Stessi giri, stessi traffici e stessi tentativi di depistaggio per un cargo partito dalla Turchia che ha spento i sistemi di geo-localizzazione mentre navigava nei pressi delle coste africane salvo poi, come di consueto, riaccenderli alcune ore dopo mentre faceva rotta verso Pozzallo.
E ancora, un’altra nave fantasma, partita da Genova e diretta a Lisbona, ha stranamente costeggiato per 500 miglia le coste africane, per poi inspiegabilmente fare dietrofront e tornare al centro del Mediterraneo.

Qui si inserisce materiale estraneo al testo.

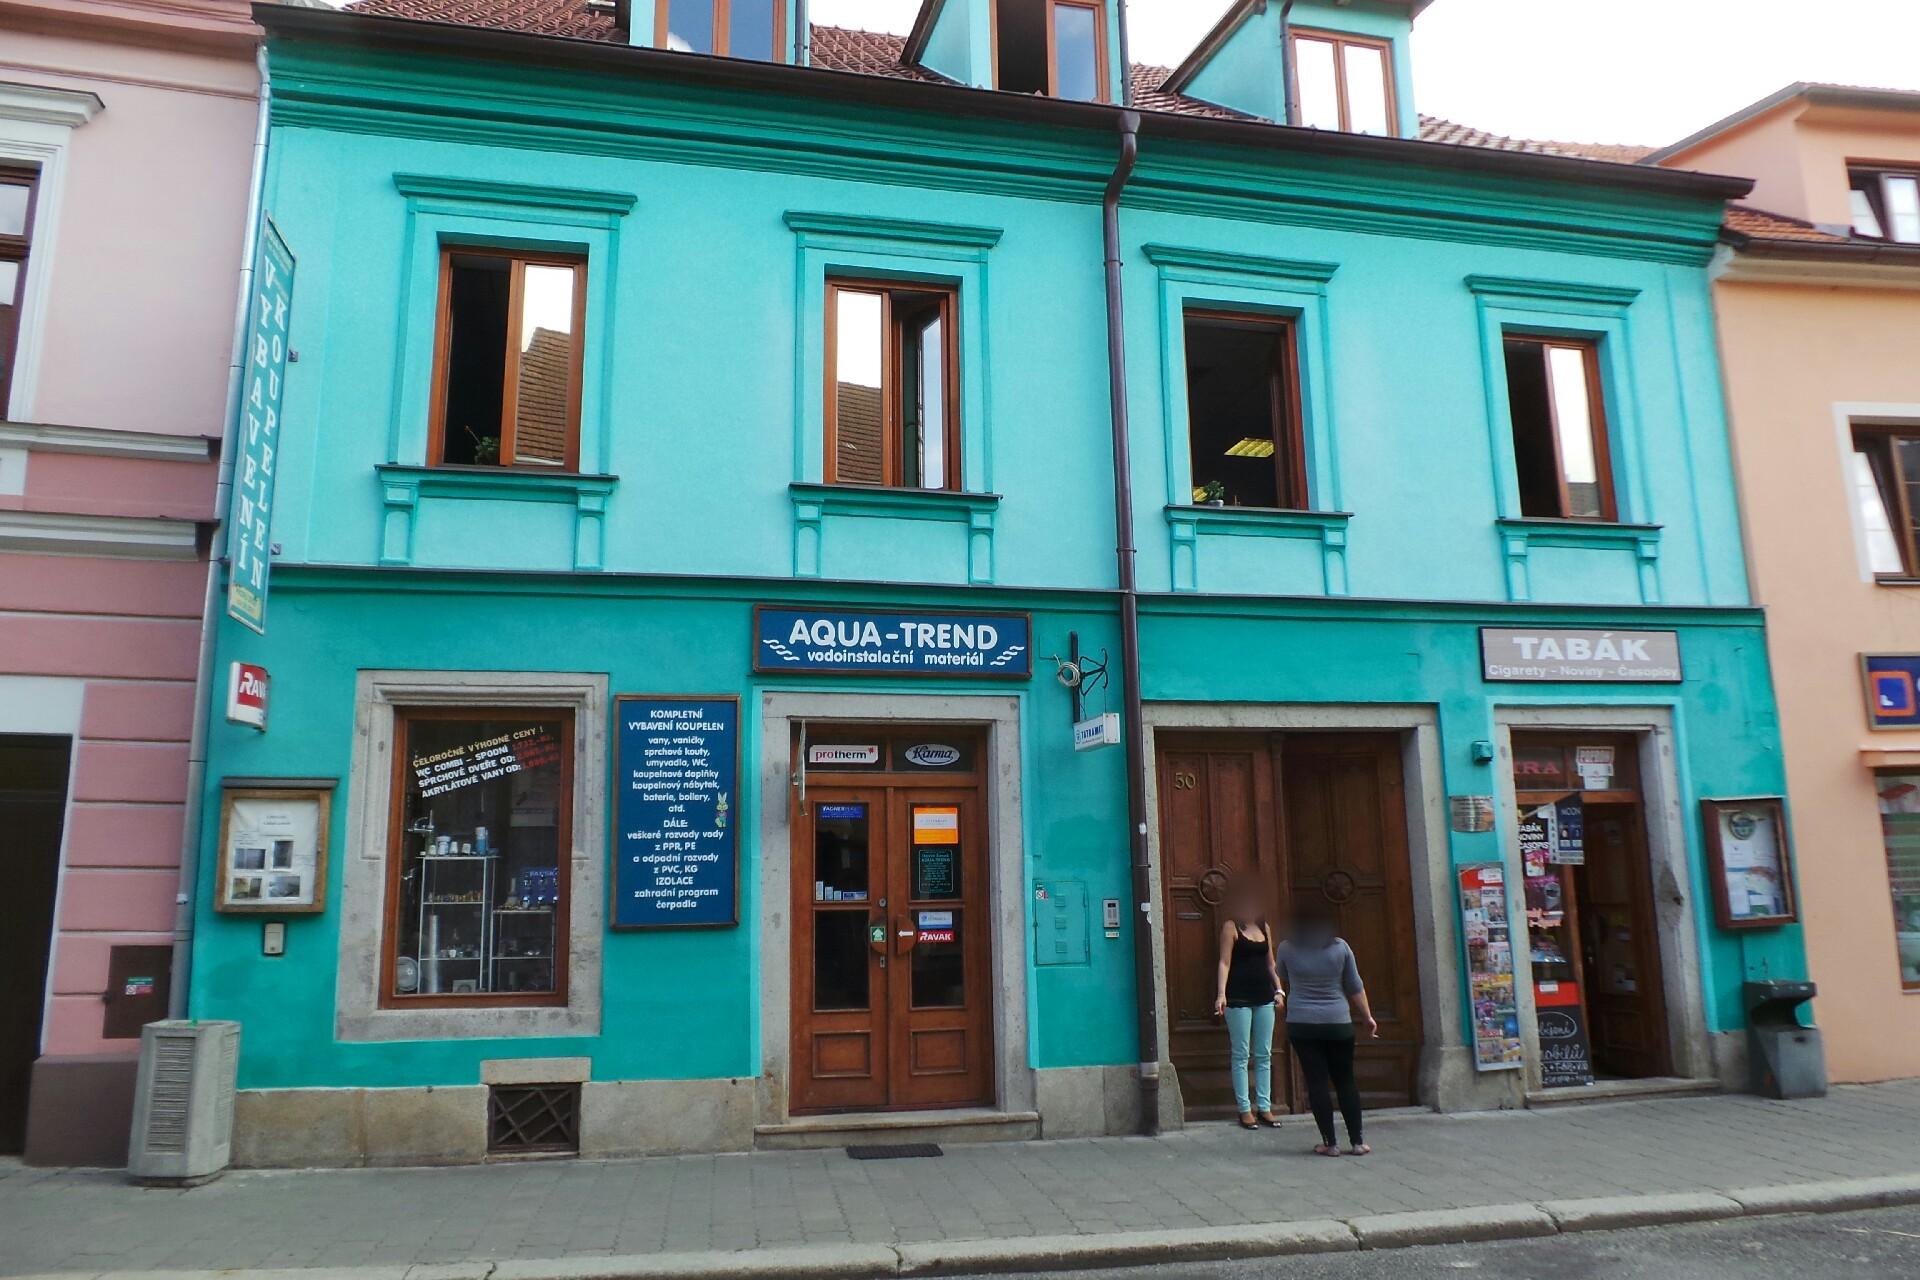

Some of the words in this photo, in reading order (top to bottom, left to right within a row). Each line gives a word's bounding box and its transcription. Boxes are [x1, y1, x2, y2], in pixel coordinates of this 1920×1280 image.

[238, 255, 276, 570] VYBAVENÍ
[251, 294, 288, 589] KOUPELEN
[1512, 633, 1650, 661] TABÁK
[807, 649, 914, 664] vodoinstalační
[924, 652, 984, 666] materiál
[1488, 664, 1546, 678] Cigarety
[1560, 666, 1604, 678] Noviny
[1618, 664, 1679, 678] Časopisy
[650, 708, 704, 719] KOMPLETNÍ
[628, 719, 674, 731] VYBAVENÍ
[676, 722, 724, 731] KOUPELEN
[468, 734, 511, 752] VÝHODNÉ
[513, 727, 537, 740] CENY
[648, 737, 671, 746] vany,
[672, 735, 705, 746] vaničky
[644, 746, 683, 757] sprchové
[684, 747, 711, 757] kouty,
[815, 749, 867, 761] protherm
[912, 745, 954, 762] Karma
[416, 767, 432, 778] WC
[434, 758, 464, 773] COMBI
[475, 744, 509, 761] SPODNÍ
[646, 758, 690, 768] umyvadla,
[692, 758, 709, 768] WC,
[418, 766, 466, 788] SPRCHOVÉ
[468, 757, 498, 773] DVEŘE
[500, 754, 516, 765] OD:
[633, 769, 683, 779] koupelnové
[684, 769, 719, 779] doplňky
[421, 774, 480, 798] AKRYLÁTOVÉ
[481, 768, 505, 781] VANY
[505, 763, 522, 774] OD:
[632, 780, 681, 791] koupelnový
[683, 780, 720, 790] nábytek,
[1175, 772, 1196, 790] 50
[643, 792, 676, 802] baterie,
[678, 792, 711, 803] boilery,
[668, 804, 686, 813] atd.
[663, 816, 688, 828] DÁLE:
[1519, 822, 1544, 832] ABÁK
[627, 830, 662, 840] veškeré
[665, 830, 700, 840] rozvody
[702, 829, 724, 840] vody
[662, 841, 683, 851] PPR,
[684, 841, 696, 850] PE
[633, 855, 639, 863] a
[642, 854, 681, 864] odpadní
[683, 853, 719, 863] rozvody
[653, 866, 659, 874] z
[662, 865, 683, 875] PVC,
[684, 864, 698, 873] KG
[656, 876, 694, 886] IZOLACE
[634, 887, 675, 898] zahradní
[678, 889, 719, 899] program
[656, 900, 697, 910] čerpadla
[920, 931, 952, 941] RAVAK
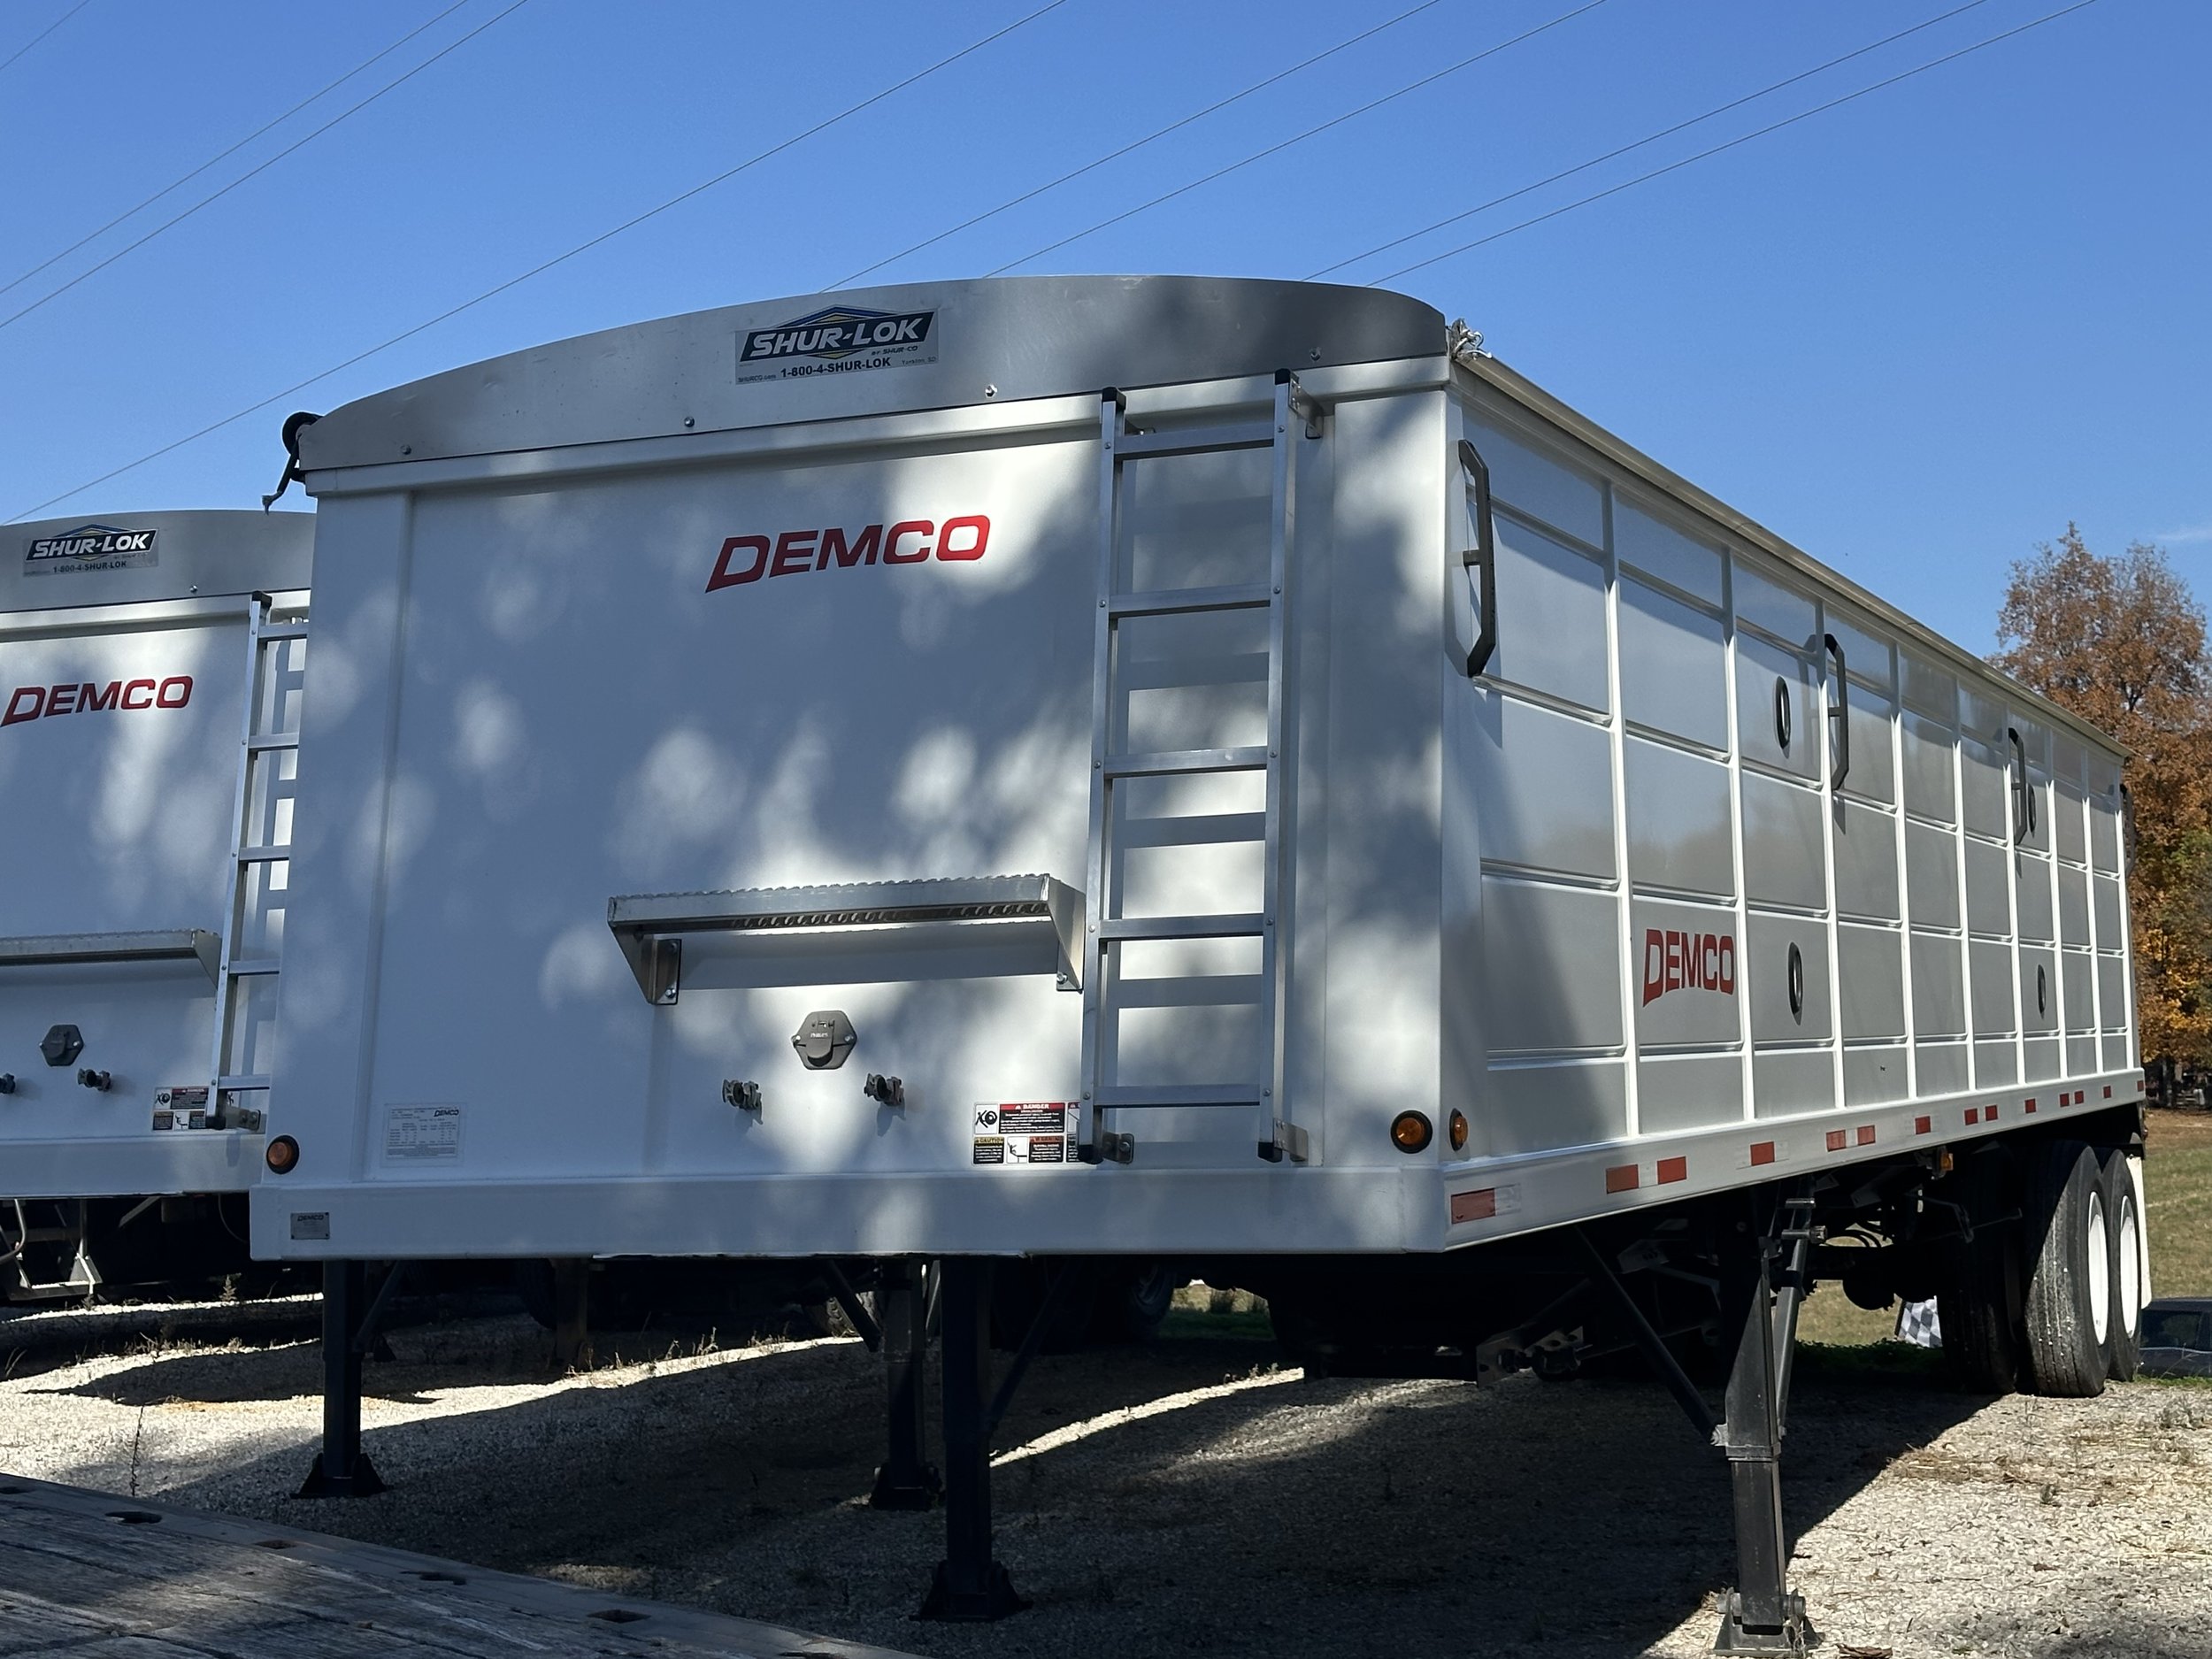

Avere un quadro in tempo reale dei movimenti di merci sui mari del globo è diventato difficile. Ma, al tempo stesso, queste informazioni sono diventate essenziali anche per analisti, banche e broker (sapere, ad esempio, se e quanto petrolio viene venduto “in nero” a metà del prezzo corrente influisce sugli scambi in borsa e può cambiare i mercati internazionali). A dimostrarlo è l’esistenza di indici che sempre più spesso vengono utilizzati per prevedere l’evoluzione dell’economia e che sono basati proprio sull’andamento del commercio marittimo (come il Baltic Dry).
Quello dei migranti che attraversano il Mar Mediterraneo è solo uno dei problemi legati ai traffici illeciti che avvengono via mare. E, stando ai numeri, quelli legati alle “navi fantasma”, ai traffici illeciti e al trasporto delle merci attraverso i “boschi” acquatici potrebbe avere dimensioni sconvolgenti (anche se fino ad ora inspiegabilmente hanno ricevuto poca attenzione dalle autorità navali e soprattutto militari): nell’ultimo mese, delle oltre 9000 navi mercantili approdate sulle coste europee, ben 5.500 (oltre la metà) avevano una bandiera di comodo, diversa cioè da quella della nazionalità della compagnia proprietaria, e 11 hanno fornito false informazioni di identificazione.
Ormai il Mar Mediterraneo è diventata la “back door”, la porta di servizio, che sempre più trafficanti utilizzano per far entrare in Europa ogni tipo di bene e risorsa. Traffici di persone e cose che le autorità nazionali ed europee non riescono a controllare. Tranne che in pochissimi casi. Come quello del mercantile Jupiter, battente bandiera delle isole Cook, che le autorità italiane hanno fermato dopo che era salpato dalle coste dell’Algeria diretto in Libano. Nella stiva, sotto il carico di granito sono state trovate 20 tonnellate di cannabis, per un valore sul mercato di quasi 200 milioni di euro. “È un po’ come cercare un ago in un pagliaio”, ha detto Alon Podhurst, vicepresidente della Windward. Il Mar Mediterraneo (e gli Oceani) sono il nuovo campo di sfida dell’intelligence.